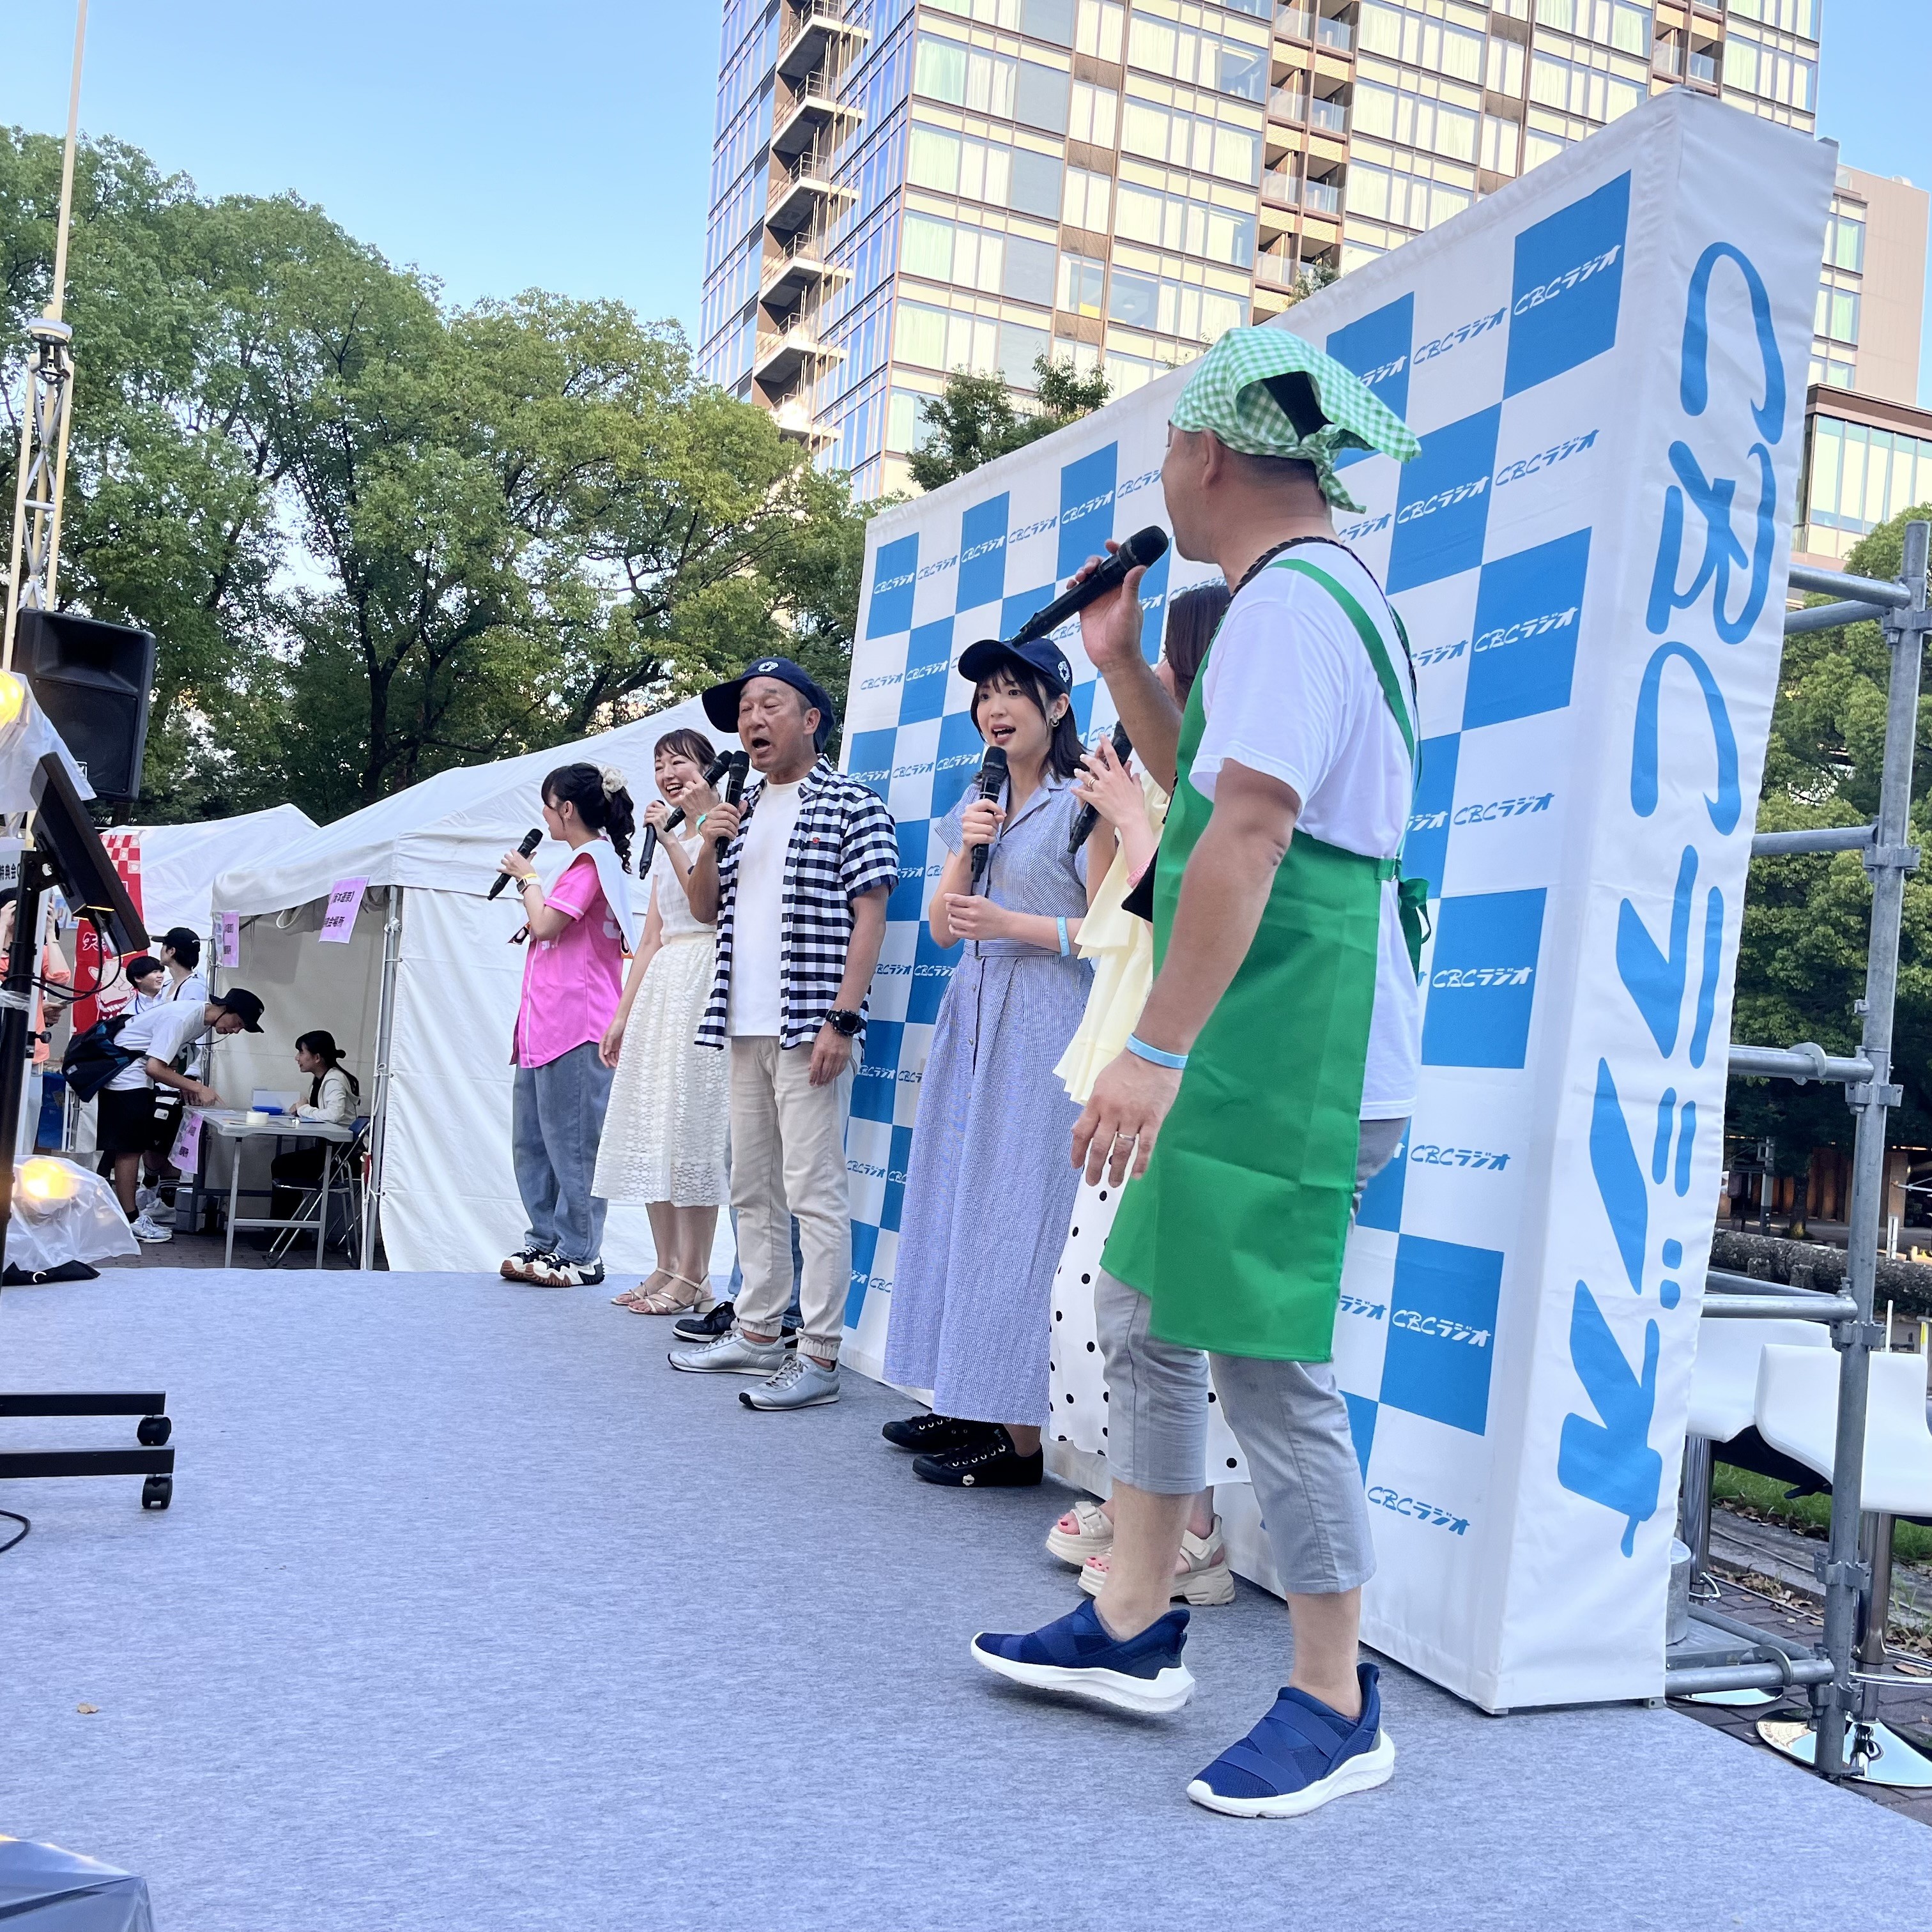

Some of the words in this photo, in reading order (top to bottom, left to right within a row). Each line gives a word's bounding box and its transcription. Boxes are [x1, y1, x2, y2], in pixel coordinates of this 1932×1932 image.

[1514, 245, 1621, 316] CBCラジオ
[1413, 307, 1508, 365] CBCラジオ
[1356, 355, 1408, 388] ラジオ
[1496, 429, 1600, 486] CBCラジオ
[1117, 469, 1162, 498] CBCラジ
[1061, 490, 1114, 525] CBCラジオ
[1397, 475, 1490, 524] CBCラジオ
[1008, 516, 1057, 544] CBCラジオ
[961, 535, 1006, 563] CBCラジオ
[917, 555, 958, 580] CBCラジオ
[873, 572, 915, 595] CBCラジオ
[1474, 606, 1578, 653] CBCラジオ
[860, 673, 904, 690] CBCラジオ
[905, 659, 949, 682] CBCラジオ
[893, 762, 935, 778] CBCラジオ
[937, 753, 981, 771] CBCラジオ
[1453, 792, 1555, 825] CBCラジオ
[1558, 241, 1786, 1558] CBCラジオ
[875, 963, 912, 974] BCラジオ
[1432, 967, 1533, 988] CBCラジオ
[898, 1070, 923, 1083] CBCラ
[847, 1160, 886, 1178] CBCラジオ
[1410, 1145, 1510, 1170] CBCラジオ
[870, 1278, 893, 1292] CBC
[1339, 1295, 1387, 1320] ラジオ
[1392, 1310, 1491, 1347] CBCラジオ
[1367, 1486, 1471, 1536] CBCラジオ
:::::
Description of the task: Retype the records above exactly, and keep any picture out of what you write.

Your solution:
Some of the words in this photo, in reading order (top to bottom, left to right within a row). Each line gives a word's bounding box and its transcription. Boxes are [x1, y1, x2, y2], in pixel coordinates of this 1932×1932 image.

[1514, 245, 1621, 316] CBCラジオ
[1413, 307, 1508, 365] CBCラジオ
[1356, 355, 1408, 388] ラジオ
[1496, 429, 1600, 486] CBCラジオ
[1117, 469, 1162, 498] CBCラジ
[1061, 490, 1114, 525] CBCラジオ
[1397, 475, 1490, 524] CBCラジオ
[1008, 516, 1057, 544] CBCラジオ
[961, 535, 1006, 563] CBCラジオ
[917, 555, 958, 580] CBCラジオ
[873, 572, 915, 595] CBCラジオ
[1474, 606, 1578, 653] CBCラジオ
[860, 673, 904, 690] CBCラジオ
[905, 659, 949, 682] CBCラジオ
[893, 762, 935, 778] CBCラジオ
[937, 753, 981, 771] CBCラジオ
[1453, 792, 1555, 825] CBCラジオ
[1558, 241, 1786, 1558] CBCラジオ
[875, 963, 912, 974] BCラジオ
[1432, 967, 1533, 988] CBCラジオ
[898, 1070, 923, 1083] CBCラ
[847, 1160, 886, 1178] CBCラジオ
[1410, 1145, 1510, 1170] CBCラジオ
[870, 1278, 893, 1292] CBC
[1339, 1295, 1387, 1320] ラジオ
[1392, 1310, 1491, 1347] CBCラジオ
[1367, 1486, 1471, 1536] CBCラジオ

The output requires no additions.